Trump starts off strong. Indeed, I believe that it wasn’t
just Biden’s rambling, disjointed answer to a question about the national debt,
which culminated in the president’s inexplicably declaring that we had “finally
beat Medicare,” that set the tone for the rest of the debate. It was also
Trump’s searing rebuttal that did Biden in. “I really don’t know what he said
at the end of that sentence,” Trump replied after a smartly timed beat. “I
don’t think he knows what he said either.” That was one of several moments in
that encounter in which Trump rattled off one or two sharp, dismissive, or
record-correcting sentences that landed perfectly.
Yet the discipline Trump displays at the outset of his
remarks soon dissolves into the fog of his own muddled thinking. Within a
sentence or two, Trump retreats into the shorthand decipherable only to the
MAGA faithful. He rails against “third-rate” venues that criticize him without
naming them. He cites “Russia, Russia, Russia,” as though you’re supposed to
understand that that bullet-point distills years of controversy and
investigations into the former president’s supposed collusion with foreign assets.
That was “was made up, just like the 51 intelligence agents are made up, just
like the new thing with the 16 economists are talking,” Trump continued . . .
Huh? Only those who follow electoral politics at a granular level understood
the open letters Trump touched on, and who knows if they have the requisite
command of the facts necessary to contextualize them.
Trump doesn’t make arguments. He makes references. And
although Trump is a skilled rhetorical pugilist with a showman’s affect, he
loses his audience when he retreats into his grievances and the shorthand that
he uses to describe them.
Harris has the opposite problem. When speaking
extemporaneously, she sets off in the directionless pursuit of a thought worthy
of expression.

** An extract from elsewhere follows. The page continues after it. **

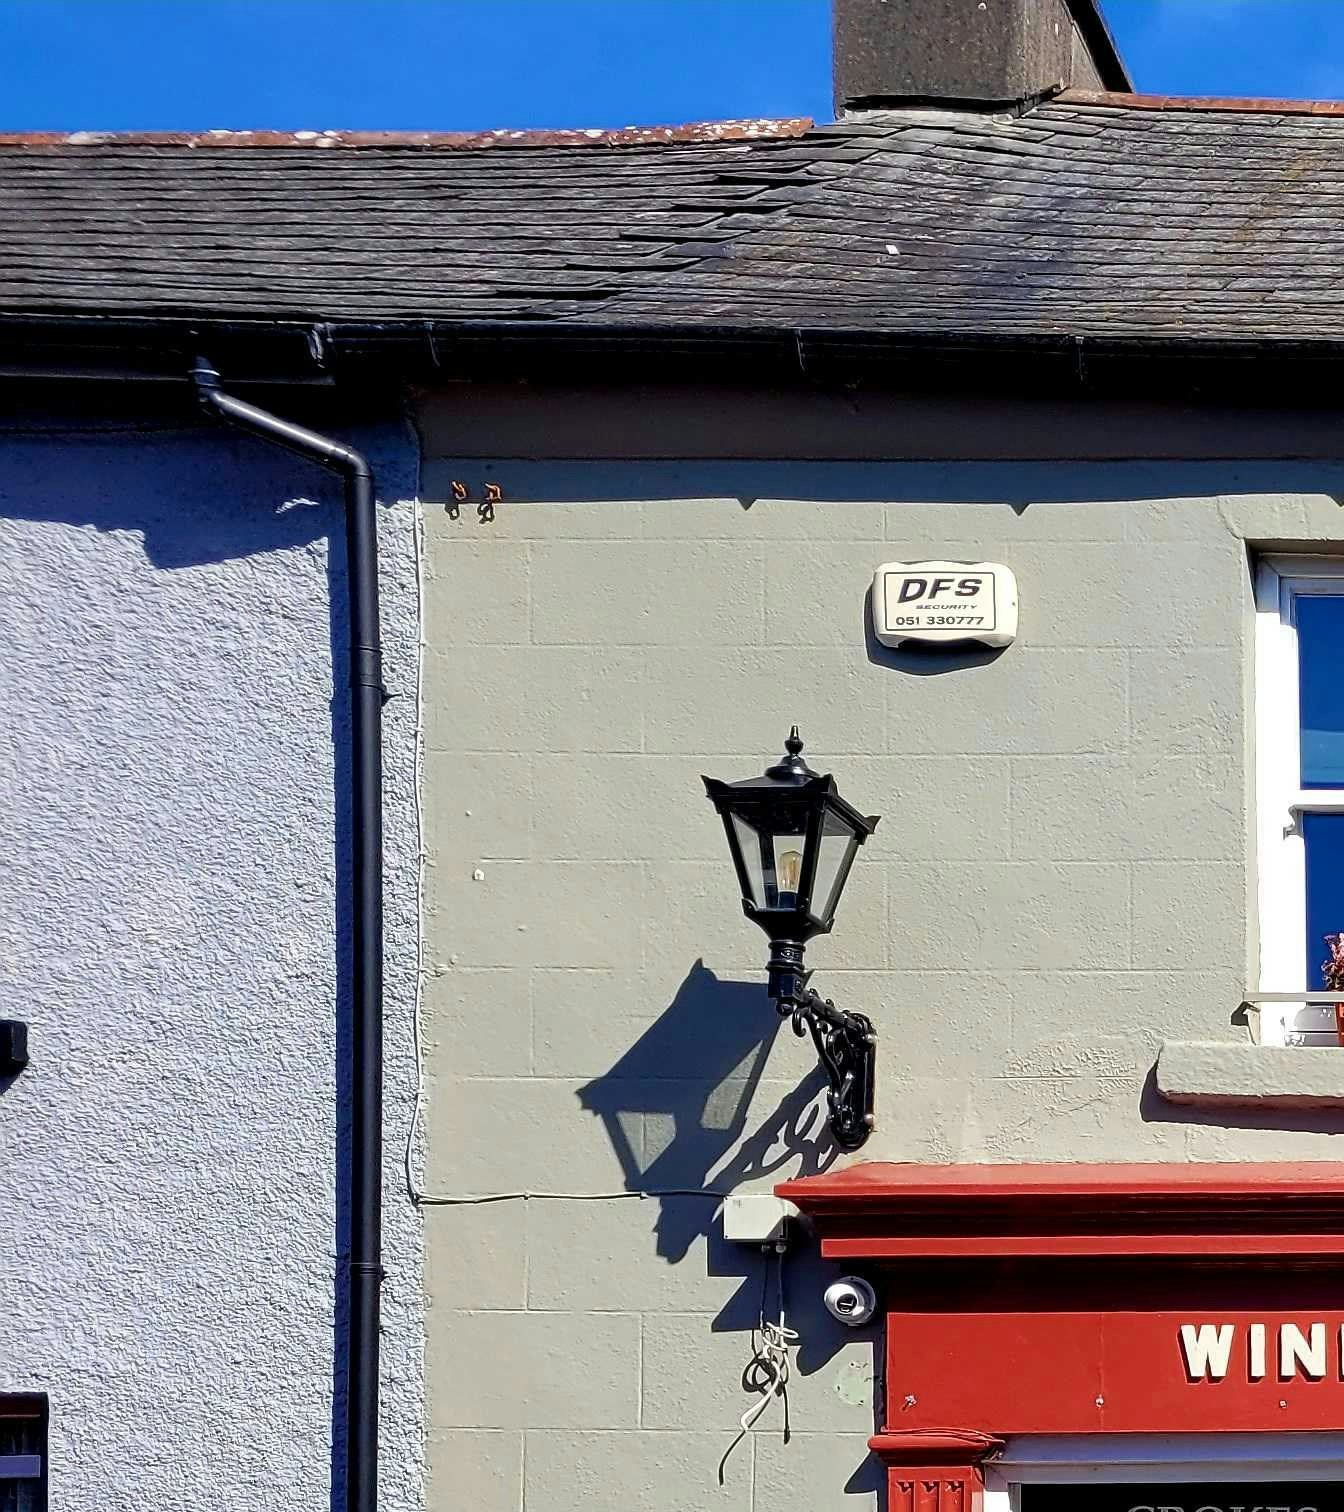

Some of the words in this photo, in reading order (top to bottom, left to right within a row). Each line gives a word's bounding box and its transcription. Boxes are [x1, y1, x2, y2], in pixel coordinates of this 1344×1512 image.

[897, 578, 982, 603] DFS
[896, 616, 920, 625] 051
[926, 616, 984, 625] 330777

The vice president so often sounds like a flighty, new-age,
self-help guru because she has embarked on a journey of discovery, the ultimate
destination being a cogent statement somewhere over the horizon. She usually
gets there, but she can do a lot of damage to her own brand in the interim.
That bad habit is why Democratic debate watchers in 2019 were treated to
sentences such as “So part of how I believe we’re going to win this election
is, it is going to be because we are focused on the future, we are focused on
the challenges that are presented today and not trying to bring back yesterday
to solve tomorrow,” in response to a question as straightforward as “How would
you pay for that?”
Harris has another vulnerability, albeit one that
masquerades as a strength. In 2019, she thrilled Democratic audiences when she
accused Joe Biden of cozying up with southern segregationists and opposing
forced busing programs. Her attack implied that Biden had racial hostility in
his heart. But when she was later pressed to make her implicit accusation
explicit, Harris declined. In much the same way that she could never
substantiate the allegations she leveled against Brett Kavanaugh in his
confirmation hearings, Harris has no follow-through. Ultimately, in the days
that follow her attacks, the sting wears off because she either cannot or will
not prosecute her own charge.
After his strong start, Trump reliably rockets off into
orbit, leaving his audiences to ponder his meaning. After her weak start,
Harris eventually finds her way to comprehensibility, but not before
undermining her self-set image as a skilled prosecutor. We can expect to see
both tendencies on display tomorrow night.